The records are to be repeated in full. Every line must match.

========

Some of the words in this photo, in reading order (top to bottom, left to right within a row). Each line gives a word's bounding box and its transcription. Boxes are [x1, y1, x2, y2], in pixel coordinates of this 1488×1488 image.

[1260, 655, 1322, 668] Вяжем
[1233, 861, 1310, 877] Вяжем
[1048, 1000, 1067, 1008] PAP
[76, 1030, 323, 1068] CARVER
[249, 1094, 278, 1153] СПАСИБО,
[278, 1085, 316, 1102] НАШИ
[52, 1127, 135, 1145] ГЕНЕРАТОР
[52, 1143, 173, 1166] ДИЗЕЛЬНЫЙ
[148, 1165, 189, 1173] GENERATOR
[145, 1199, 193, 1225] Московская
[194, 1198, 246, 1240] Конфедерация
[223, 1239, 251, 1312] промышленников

========

§ **Response to this exercise**:
Some of the words in this photo, in reading order (top to bottom, left to right within a row). Each line gives a word's bounding box and its transcription. Boxes are [x1, y1, x2, y2], in pixel coordinates of this 1488×1488 image.

[1260, 655, 1322, 668] Вяжем
[1233, 861, 1310, 877] Вяжем
[1048, 1000, 1067, 1008] PAP
[76, 1030, 323, 1068] CARVER
[249, 1094, 278, 1153] СПАСИБО,
[278, 1085, 316, 1102] НАШИ
[52, 1127, 135, 1145] ГЕНЕРАТОР
[52, 1143, 173, 1166] ДИЗЕЛЬНЫЙ
[148, 1165, 189, 1173] GENERATOR
[145, 1199, 193, 1225] Московская
[194, 1198, 246, 1240] Конфедерация
[223, 1239, 251, 1312] промышленников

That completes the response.